Adrian
Adrian

Reputation: 10911

Why is using move semantics in this way invalid?

I was tracking down a compilation error when I came to this case:

struct Y        
{               
  int&& y;      
  Y(int&& y)    
    : y(y)      
  {             
  }             
};              

struct ZZ {};   
struct Z        
{               
  ZZ&& z;       
  Z(ZZ&& z)     
    : z(z)      
  {             
  }             
};

These both fail stating:

exec.cpp: In constructor ‘Y::Y(int&&)’:
exec.cpp:57:10: error: invalid initialization of reference of type ‘int&&’ from expression of type ‘int’
exec.cpp: In constructor ‘Z::Z(ZZ&&)’:
exec.cpp:67:10: error: invalid initialization of reference of type ‘ZZ&&’ from expression of type ‘ZZ’

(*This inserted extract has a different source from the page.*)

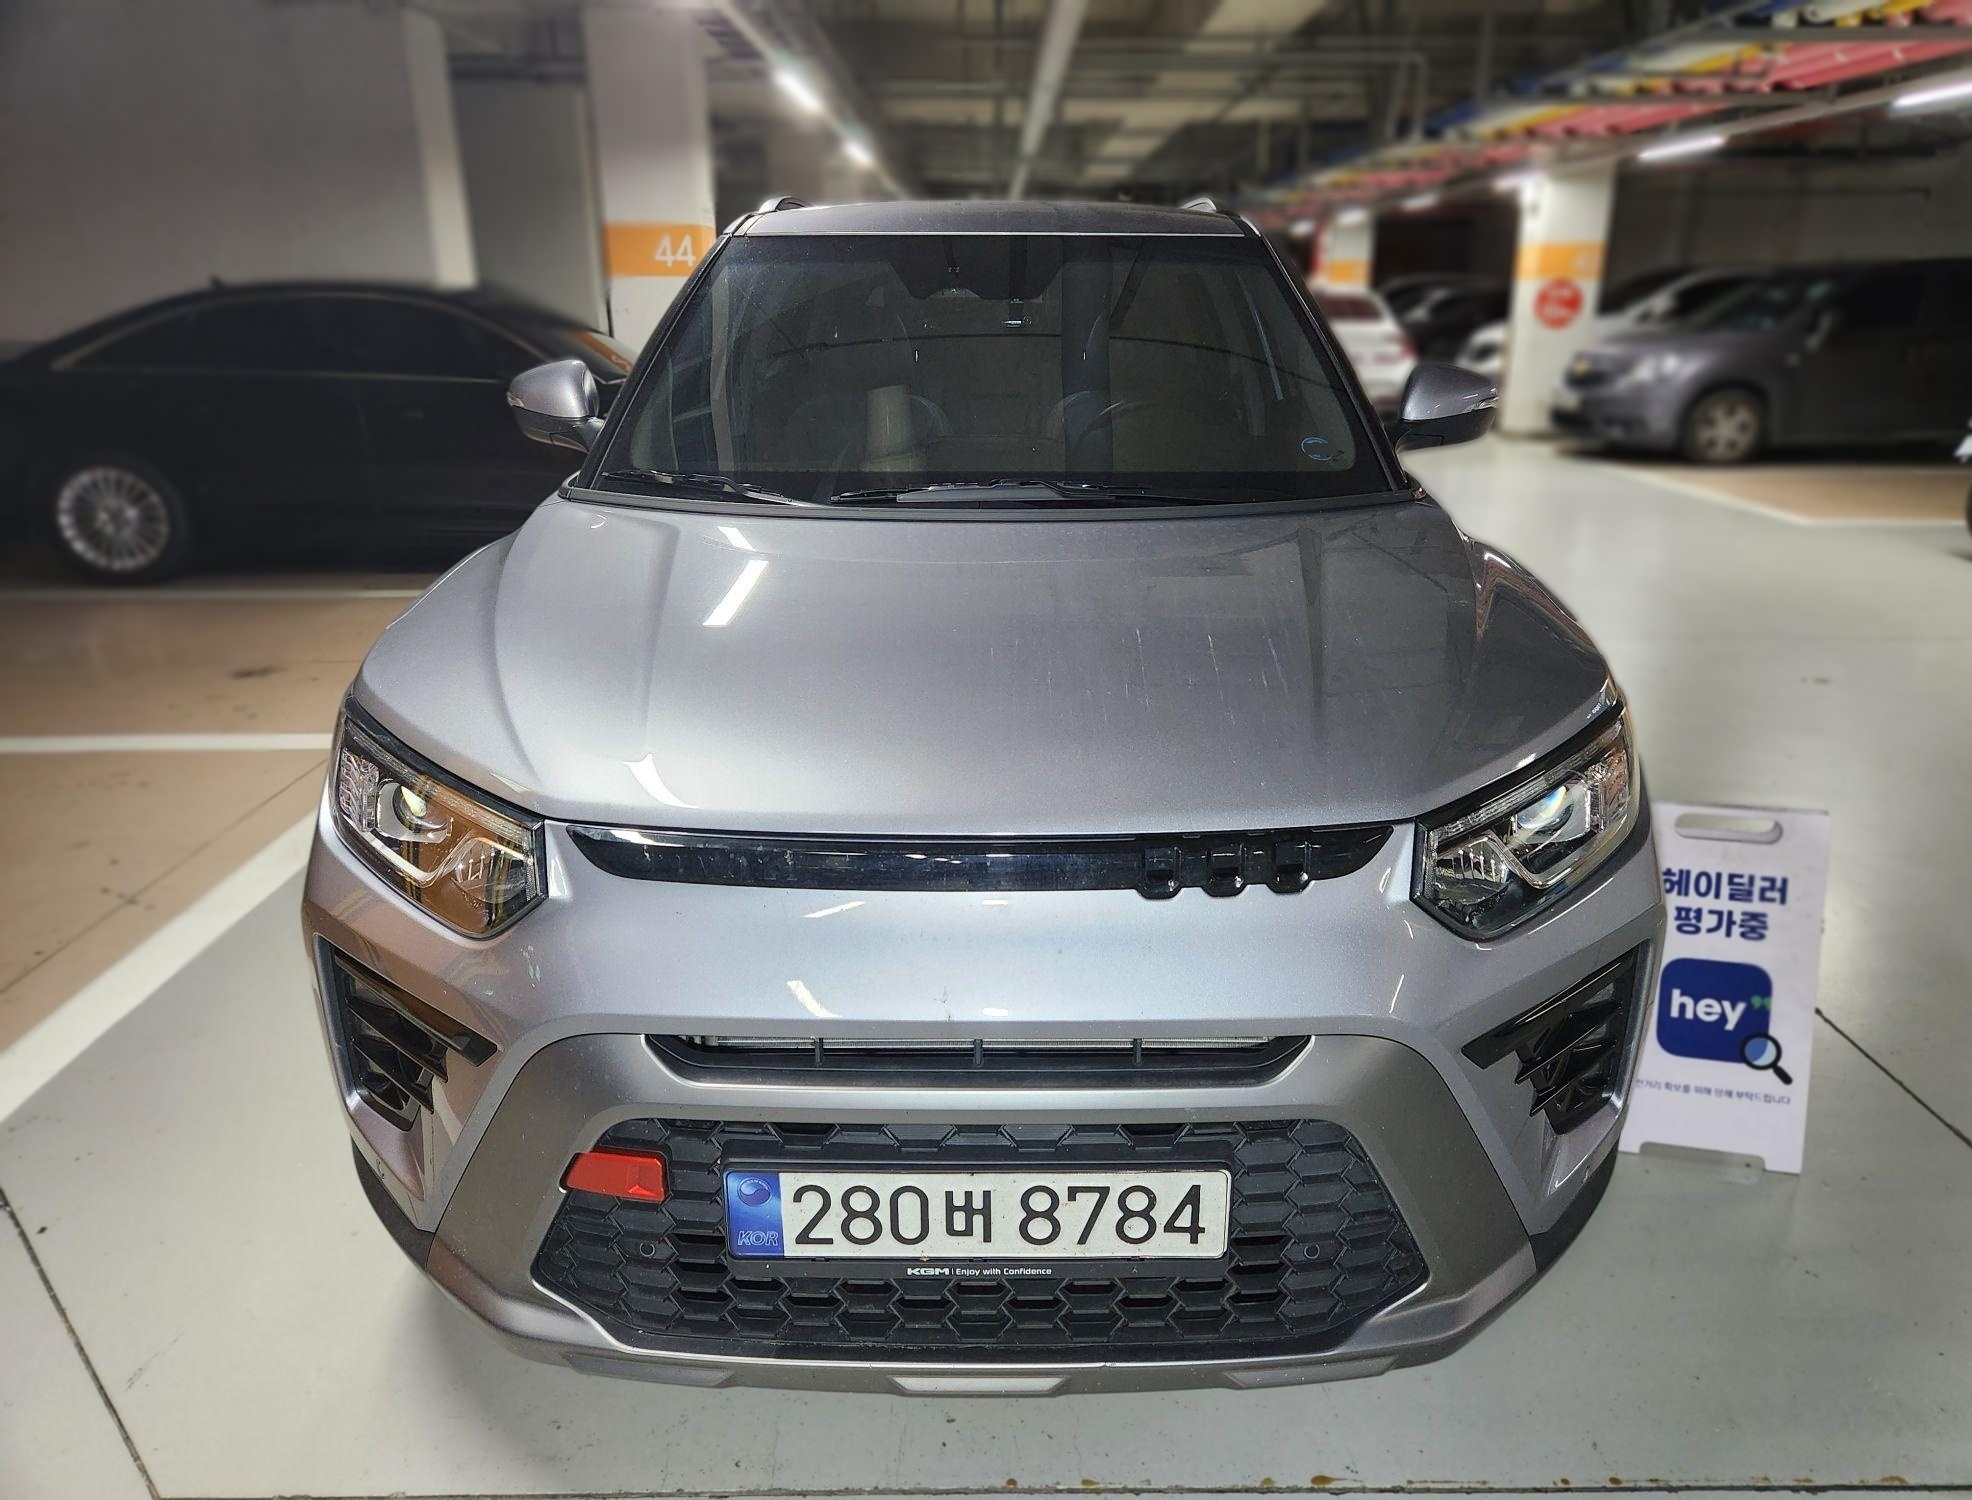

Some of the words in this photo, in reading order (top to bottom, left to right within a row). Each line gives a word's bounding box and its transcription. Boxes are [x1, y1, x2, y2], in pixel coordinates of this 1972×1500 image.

But I'm not exactly sure why. What is wrong here?

I'm using g++4.5.3 with -std=gnu++0x option, but it also occurs with -std=c++0x option.

Upvotes: 1

Views: 121

Answers (2)

Anything which has a name is an l-value. This means that the constructor parameter y is a l-value (of type r-value reference to int), because it has a name, "y".

Use std::move(y) to turn it back into a r-value.

Upvotes: 2

Kerrek SB
Kerrek SB

Reputation: 476960

You need to say : y(std::move(y)). That's the only way to get an expression that can bind to an rvalue reference. Just the naked expression y is an lvalue.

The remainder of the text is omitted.